• **DATA FOR THE TASK**
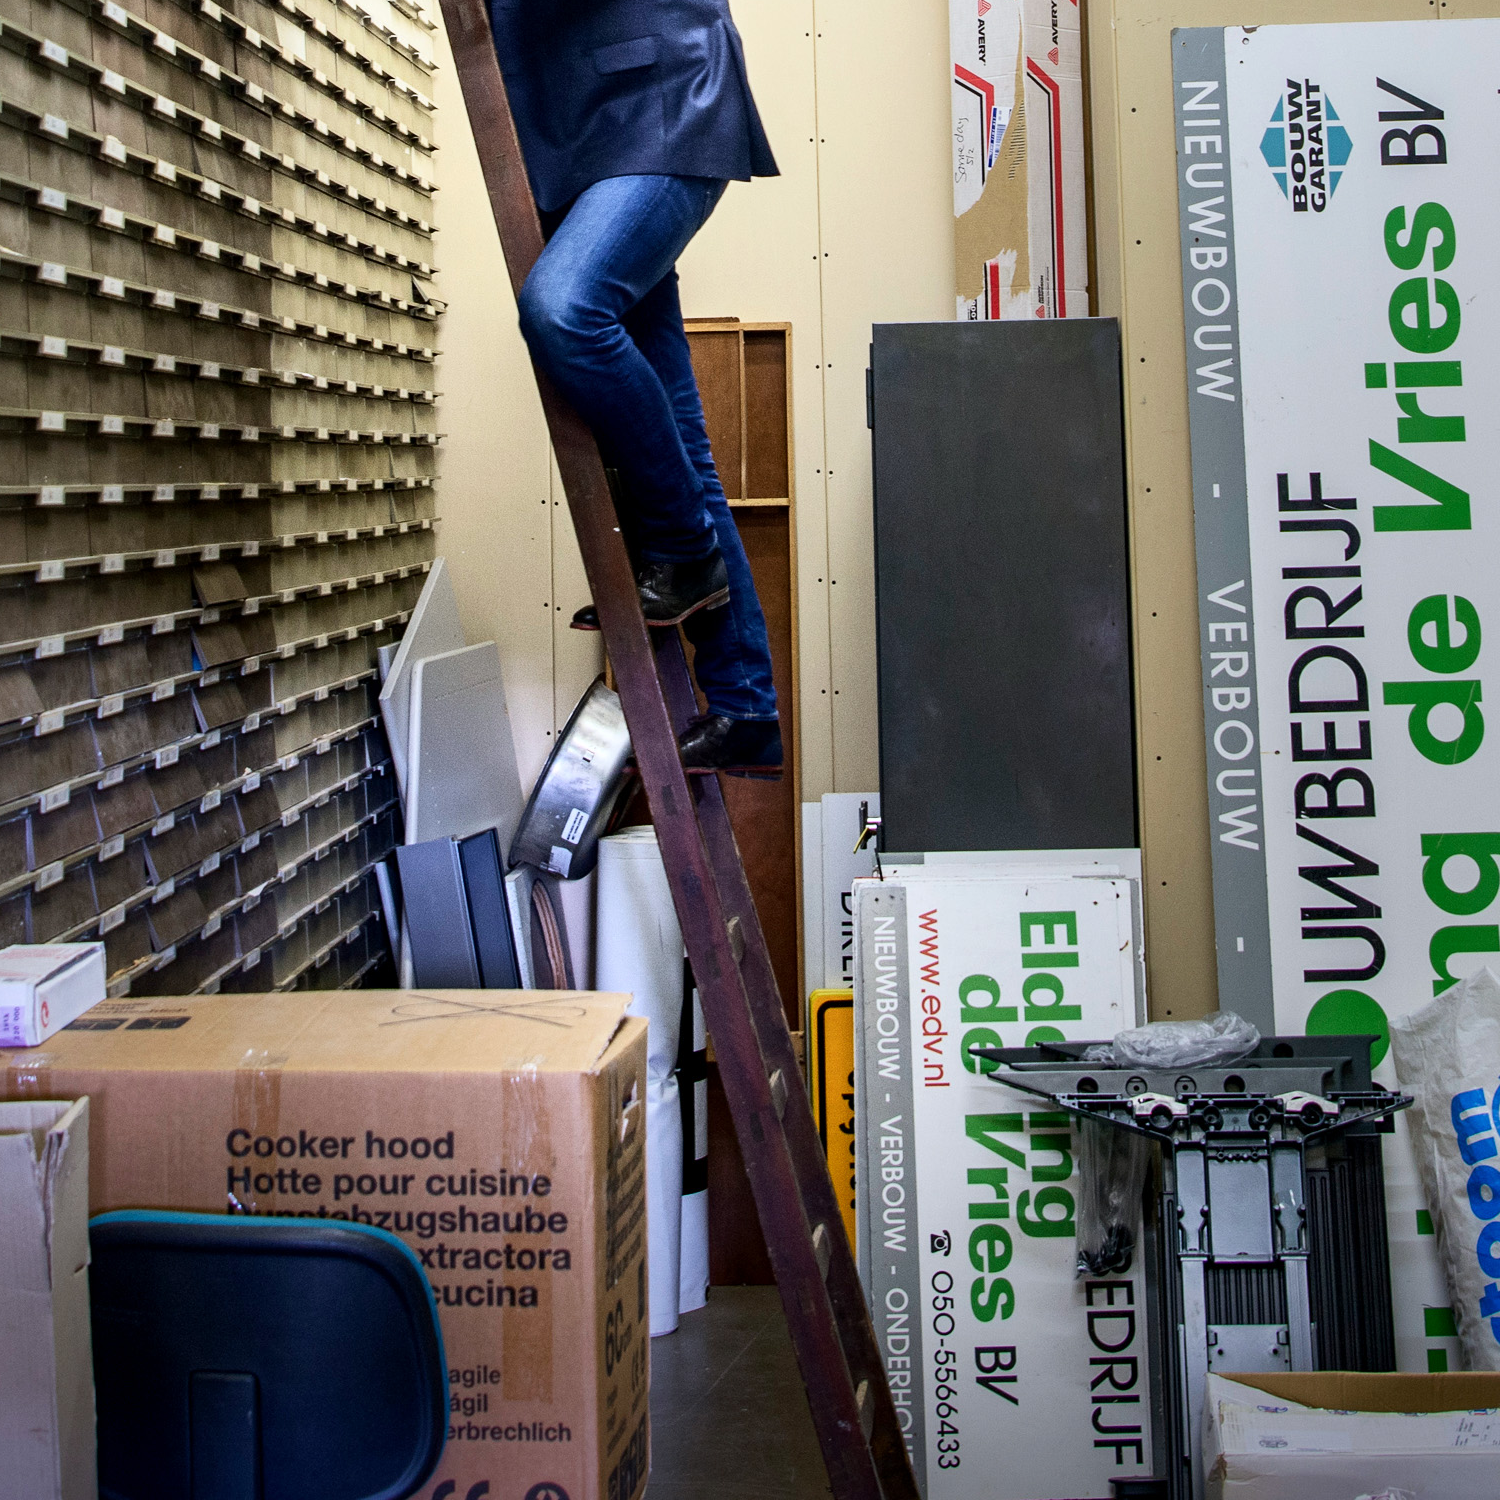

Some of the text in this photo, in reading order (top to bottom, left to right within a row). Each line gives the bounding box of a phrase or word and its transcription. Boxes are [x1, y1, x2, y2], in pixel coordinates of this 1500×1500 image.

[977, 18, 987, 64] AVERY
[1049, 0, 1059, 46] AVERY
[1286, 77, 1309, 213] BOUW
[1304, 77, 1328, 214] GARANT
[1376, 76, 1449, 166] BV
[1364, 201, 1472, 533] Vries
[1181, 80, 1260, 851] NIEUWBOUW VERBOUW
[1381, 593, 1485, 765] de
[918, 908, 951, 1088] www.edv.nl
[225, 1128, 455, 1160] Cooker hood
[226, 1165, 552, 1200] Hotte pour cuisine
[873, 915, 914, 1465] NIEUWBOUW VERBOUW ONDERHO
[417, 1243, 572, 1271] xtractora
[964, 1111, 1028, 1323] Vries
[448, 1365, 501, 1389] agile
[930, 1270, 961, 1470] 050-5566433
[973, 1345, 1020, 1406] BV
[445, 1422, 572, 1443] erbrechlich

• **WHAT TO DO**
Return every line of the records exactly as given, pictures excluded.

• **ANSWER FOR THE TASK**
Some of the text in this photo, in reading order (top to bottom, left to right within a row). Each line gives the bounding box of a phrase or word and its transcription. Boxes are [x1, y1, x2, y2], in pixel coordinates of this 1500×1500 image.

[977, 18, 987, 64] AVERY
[1049, 0, 1059, 46] AVERY
[1286, 77, 1309, 213] BOUW
[1304, 77, 1328, 214] GARANT
[1376, 76, 1449, 166] BV
[1364, 201, 1472, 533] Vries
[1181, 80, 1260, 851] NIEUWBOUW VERBOUW
[1381, 593, 1485, 765] de
[918, 908, 951, 1088] www.edv.nl
[225, 1128, 455, 1160] Cooker hood
[226, 1165, 552, 1200] Hotte pour cuisine
[873, 915, 914, 1465] NIEUWBOUW VERBOUW ONDERHO
[417, 1243, 572, 1271] xtractora
[964, 1111, 1028, 1323] Vries
[448, 1365, 501, 1389] agile
[930, 1270, 961, 1470] 050-5566433
[973, 1345, 1020, 1406] BV
[445, 1422, 572, 1443] erbrechlich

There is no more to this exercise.